Re: Forming an Accessibility Steering Committee
- From: Aaron Leventhal <aaronlev moonset net>
- To: Brian Cameron <Brian Cameron Sun COM>
- Cc: gnome-accessibility-list gnome org
- Subject: Re: Forming an Accessibility Steering Committee
- Date: Wed, 19 Dec 2007 13:01:14 -0500
I agree that getting people to do their assigned tasks might be easier
if there is a weekly meeting to report to.
Perhaps the balance we're addressing here is: focus vs. openness. Every
community has to deal with that.
Does anyone have experience with a group that did it particularly well?
- Aaron
Brian Cameron wrote:
Aaron:
Okay, since so many people are interested, I have to play devil's
advocate now.
Thanks, it's good to hash things through. I'd say that since so many
people are interested, we need to decide if we want a huge committee or
whether it makes more sense to prune down the list (perhaps by voting?)
to a more manageable group of people.
What is the advantage of having a steering committee vs. just using the
mailing list? If there's a committee then by its very nature it is more
closed, and some people are left out. There will always be someone
deserving that isn't included.
I don't think it is necessary that a committee be "closed". As you
say, there is no reason this mailing list and IRC meetings couldn't
be used to work together in an open way. One advantage of having an
official committee with meetings is that people will likely feel more
pressure to make progress on their assigned tasks before the next
meeting.
Perhaps we should do something like preface "COMMITTEE" in the Subject
Line to emails to this list to indicate which emails require extra
attention by people who are a part of the committee?
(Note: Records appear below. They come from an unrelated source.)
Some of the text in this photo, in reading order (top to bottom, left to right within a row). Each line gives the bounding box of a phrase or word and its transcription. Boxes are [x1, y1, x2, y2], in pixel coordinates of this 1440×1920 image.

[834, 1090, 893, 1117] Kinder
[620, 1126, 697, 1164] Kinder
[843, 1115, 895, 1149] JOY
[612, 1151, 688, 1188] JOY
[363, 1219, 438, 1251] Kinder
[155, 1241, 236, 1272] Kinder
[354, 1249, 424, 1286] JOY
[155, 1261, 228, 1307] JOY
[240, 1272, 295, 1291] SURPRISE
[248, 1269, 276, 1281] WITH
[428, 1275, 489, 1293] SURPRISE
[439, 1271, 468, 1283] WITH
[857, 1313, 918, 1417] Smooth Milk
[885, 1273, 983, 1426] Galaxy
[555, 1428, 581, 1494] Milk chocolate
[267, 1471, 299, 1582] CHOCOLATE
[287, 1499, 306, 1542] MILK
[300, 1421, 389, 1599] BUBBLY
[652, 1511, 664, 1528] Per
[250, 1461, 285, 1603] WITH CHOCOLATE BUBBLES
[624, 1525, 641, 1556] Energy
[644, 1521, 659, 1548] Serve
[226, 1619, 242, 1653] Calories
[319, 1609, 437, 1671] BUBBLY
In my opinion, the purpose of the committee is to provide a forum where
we can more effectively come up with lists of tasks important to a11y,
prioritize them, and find people willing to be responsible for leading
progress on these tasks. We should, for example, make sure that this
list of prioritized tasks is clearly visible somewhere on the Wiki so
that people who want to get involved can see what areas need help.
Another idea is that I know that Sun has an internal bi-weekly a11y
meeting. I would imagine other distros do as well? Perhaps it would
make sense to have a single open meeting rather than having a separate
meeting for each distro, and better make use of GNOME's collective
resources?
The current "ad hoc" method of doing things has worked reasonably well
so far, but I think things would likely work better if we made better
use of the volunteer community which seems quite excited to get more
involved.
Just throwing out some ideas of how we could make a committee workable.
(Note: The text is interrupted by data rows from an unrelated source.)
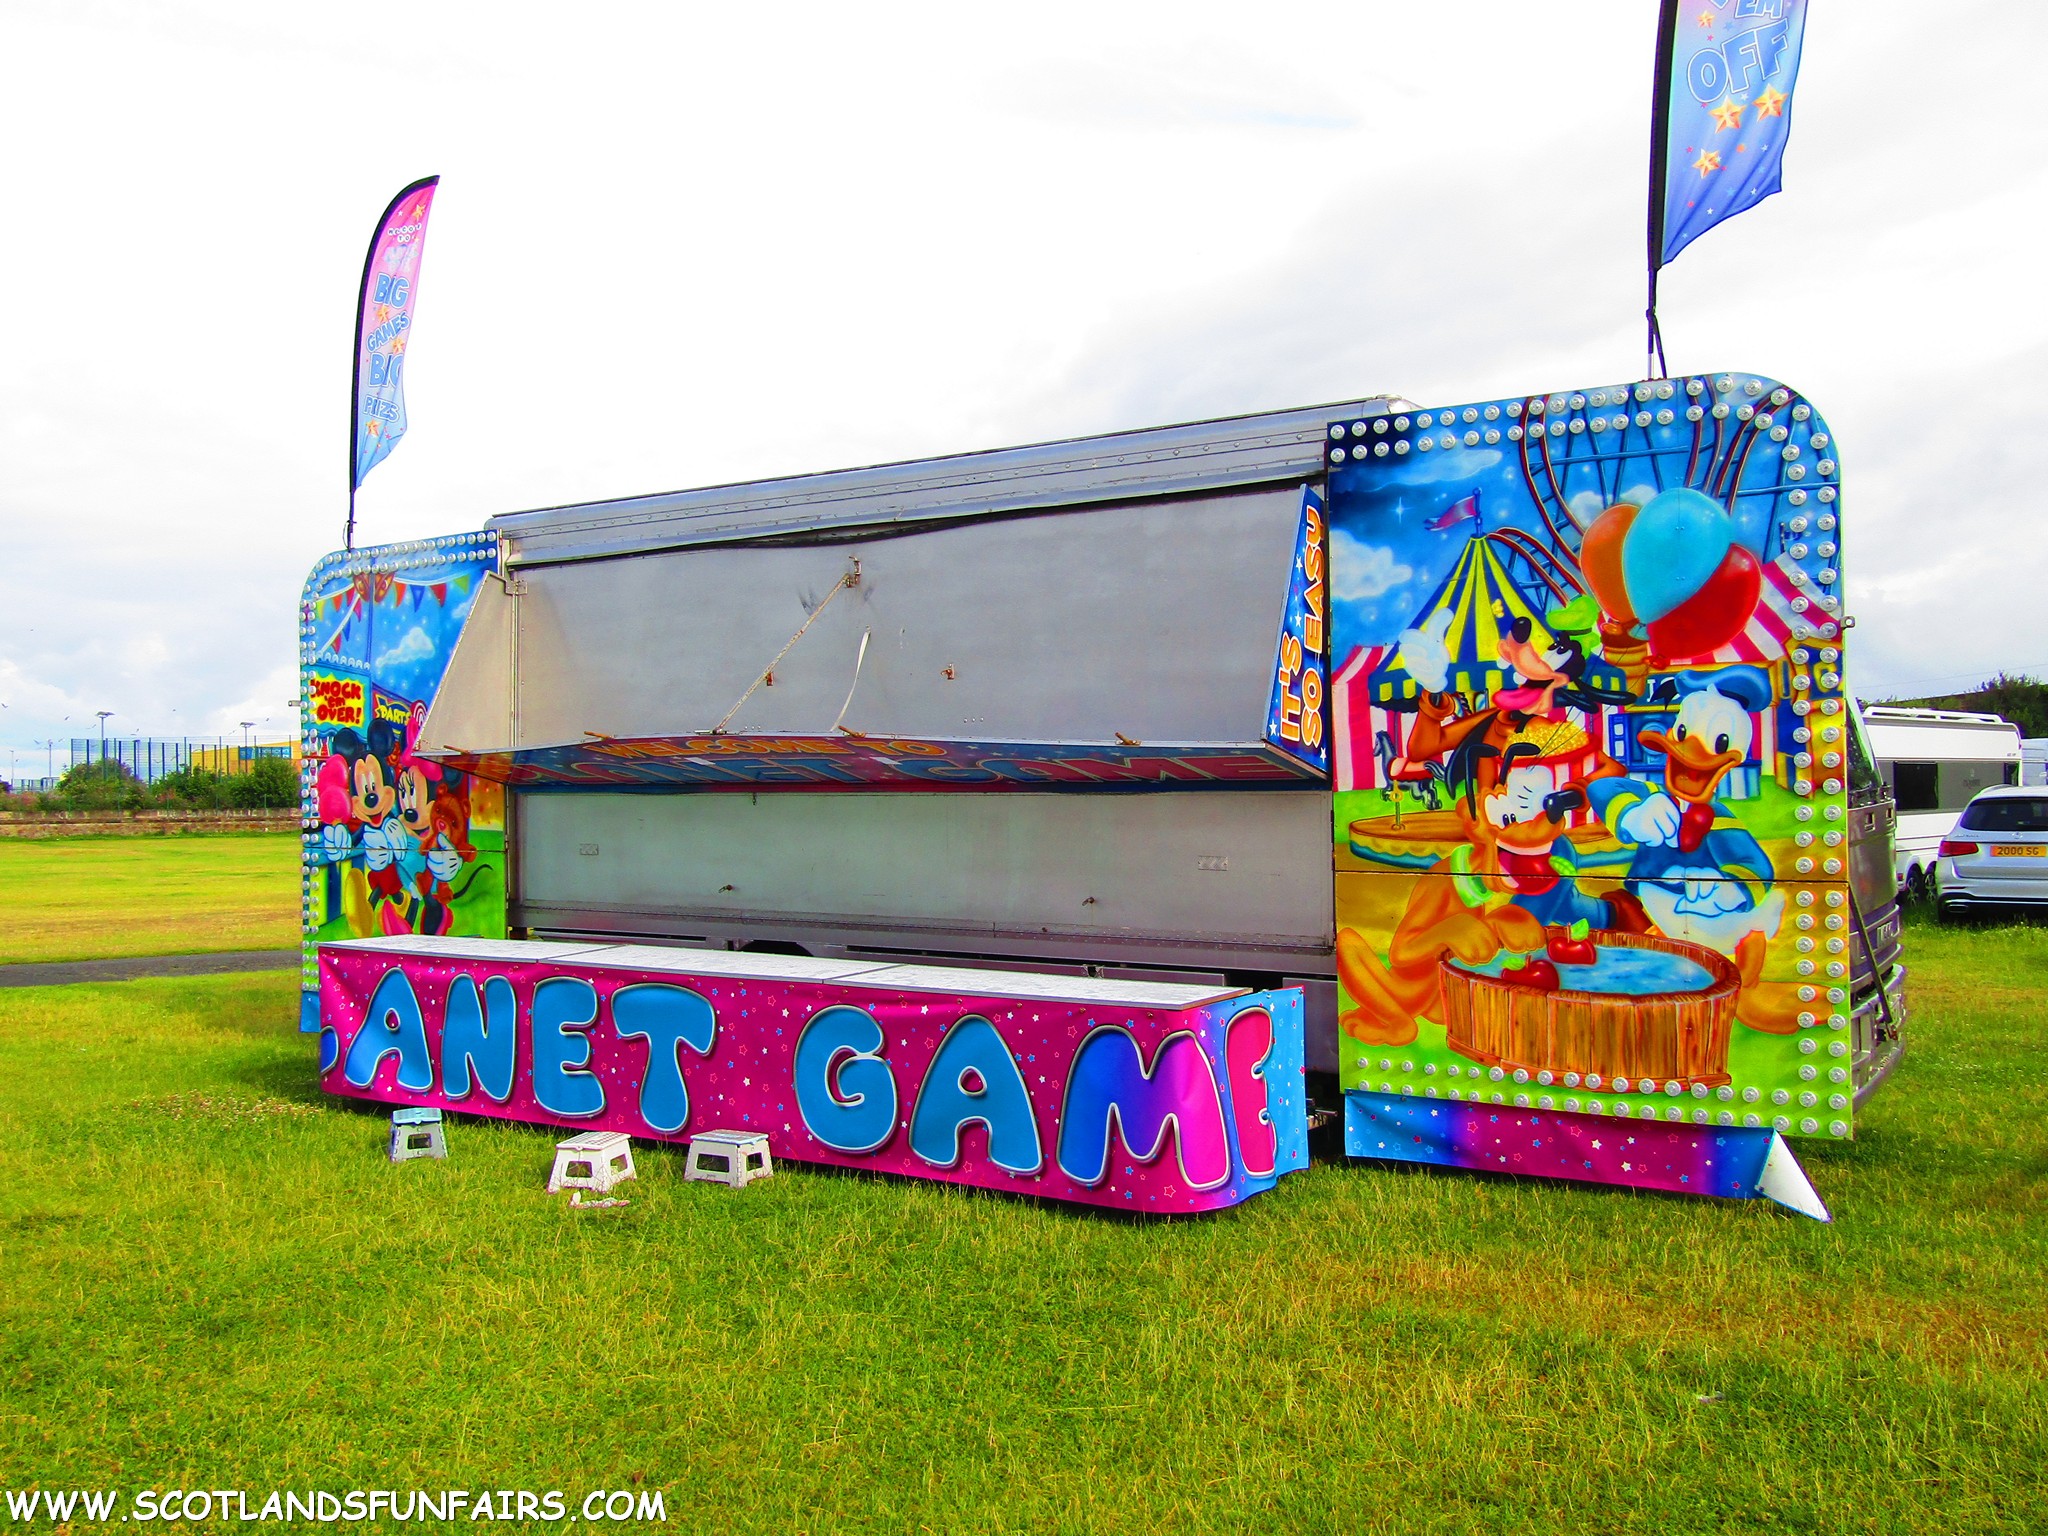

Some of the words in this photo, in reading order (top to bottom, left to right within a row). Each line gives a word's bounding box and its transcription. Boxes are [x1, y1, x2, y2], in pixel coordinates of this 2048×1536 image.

[1687, 18, 1789, 104] OFF
[397, 235, 411, 243] TO
[373, 272, 410, 309] BIG
[366, 311, 411, 353] GAMES
[1303, 505, 1325, 655] EASY
[310, 679, 362, 700] KNOCK
[1279, 631, 1303, 743] IT'S
[316, 704, 362, 725] OVER!
[1301, 667, 1323, 749] SO
[583, 738, 854, 759] WELCOME
[848, 740, 948, 757] TO
[892, 756, 1308, 784] GAME
[1997, 846, 2023, 856] 2000
[319, 966, 717, 1133] ANET
[793, 1004, 1279, 1190] GAME
Open source processes like wikis, mailing list and bug data bases help
guard against accidental "closedness". This is a meritocracy -- the best
ideas come to the top regardless of who they came from.
We should definitely strive to be as open as possible. The more people
who are willing to step up and volunteer to take responsibility for
tasks, the easier it is, I think, to keep things so open. Updating
wikis, mailing lists, bug data bases, and such does take some effort.
That said, it does seem that there are many people interested in
volunteering to make a11y more successful.